(Text-to-region grounding data)
+---+
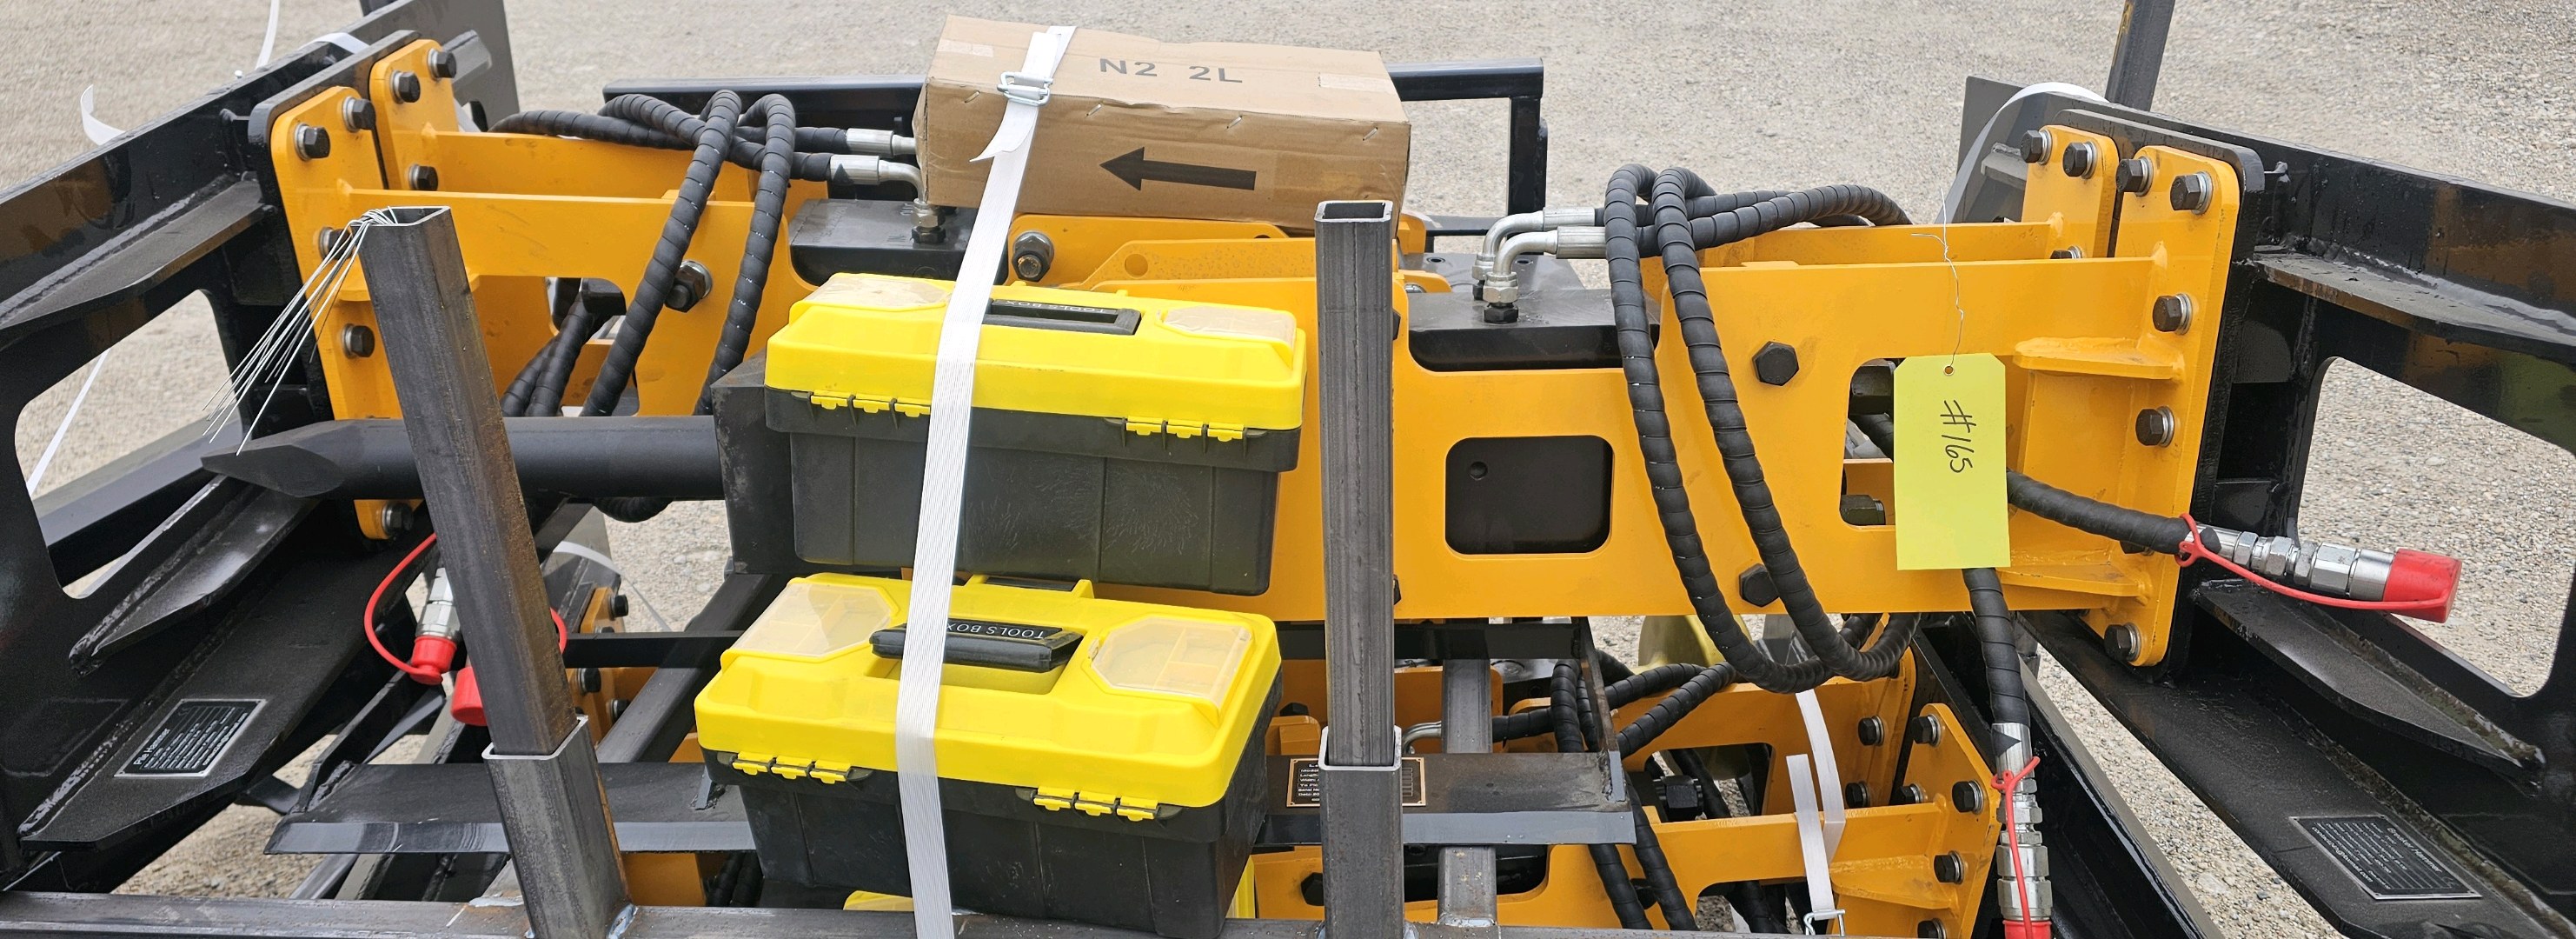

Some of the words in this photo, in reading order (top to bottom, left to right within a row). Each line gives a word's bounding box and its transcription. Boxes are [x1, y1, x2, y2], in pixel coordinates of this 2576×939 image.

[1099, 57, 1158, 77] N2
[1188, 65, 1243, 83] 2L
[1005, 299, 1042, 309] BOX
[1048, 304, 1105, 314] TOOLS
[1939, 399, 1977, 473] #165
[946, 623, 982, 634] BOX
[986, 625, 1045, 640] TOOLS
[133, 753, 149, 765] Pile
[143, 728, 171, 753] Hammer
[2387, 828, 2415, 849] Breaker
[2410, 848, 2443, 874] Hammer
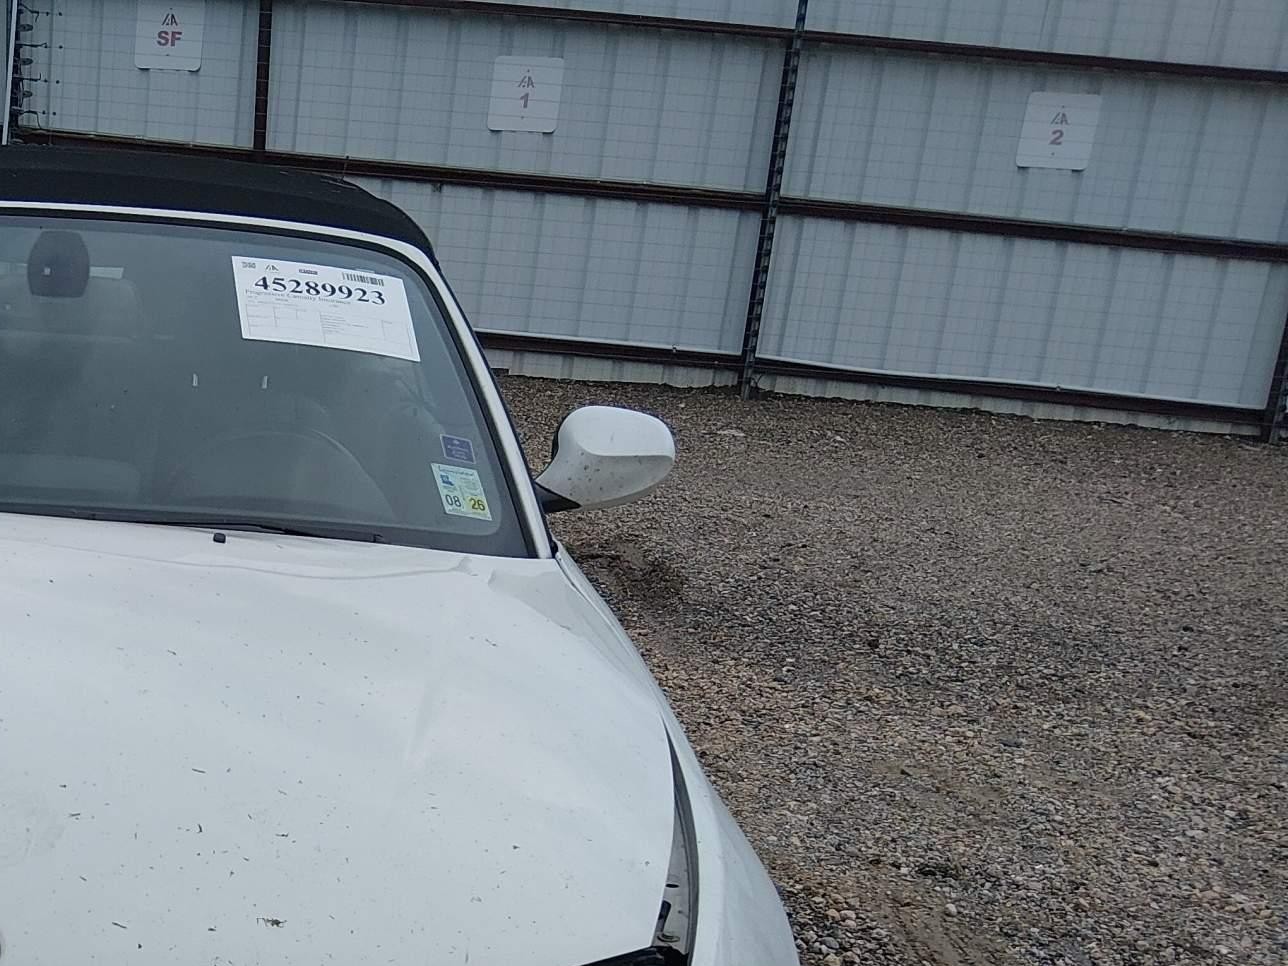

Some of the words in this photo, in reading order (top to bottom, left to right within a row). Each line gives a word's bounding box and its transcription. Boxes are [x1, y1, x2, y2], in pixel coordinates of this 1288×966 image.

[156, 30, 183, 47] SF
[520, 92, 529, 108] 1
[1049, 129, 1064, 145] 2
[254, 276, 386, 306] 45289923
[445, 494, 462, 508] 08
[469, 497, 486, 512] 26
+---+
### [Problem]
Apart from the pictures, return every entry above exactly as given.

### [Output for this task]
Some of the words in this photo, in reading order (top to bottom, left to right within a row). Each line gives a word's bounding box and its transcription. Boxes are [x1, y1, x2, y2], in pixel coordinates of this 2576×939 image.

[1099, 57, 1158, 77] N2
[1188, 65, 1243, 83] 2L
[1005, 299, 1042, 309] BOX
[1048, 304, 1105, 314] TOOLS
[1939, 399, 1977, 473] #165
[946, 623, 982, 634] BOX
[986, 625, 1045, 640] TOOLS
[133, 753, 149, 765] Pile
[143, 728, 171, 753] Hammer
[2387, 828, 2415, 849] Breaker
[2410, 848, 2443, 874] Hammer

Some of the words in this photo, in reading order (top to bottom, left to right within a row). Each line gives a word's bounding box and its transcription. Boxes are [x1, y1, x2, y2], in pixel coordinates of this 1288×966 image.

[156, 30, 183, 47] SF
[520, 92, 529, 108] 1
[1049, 129, 1064, 145] 2
[254, 276, 386, 306] 45289923
[445, 494, 462, 508] 08
[469, 497, 486, 512] 26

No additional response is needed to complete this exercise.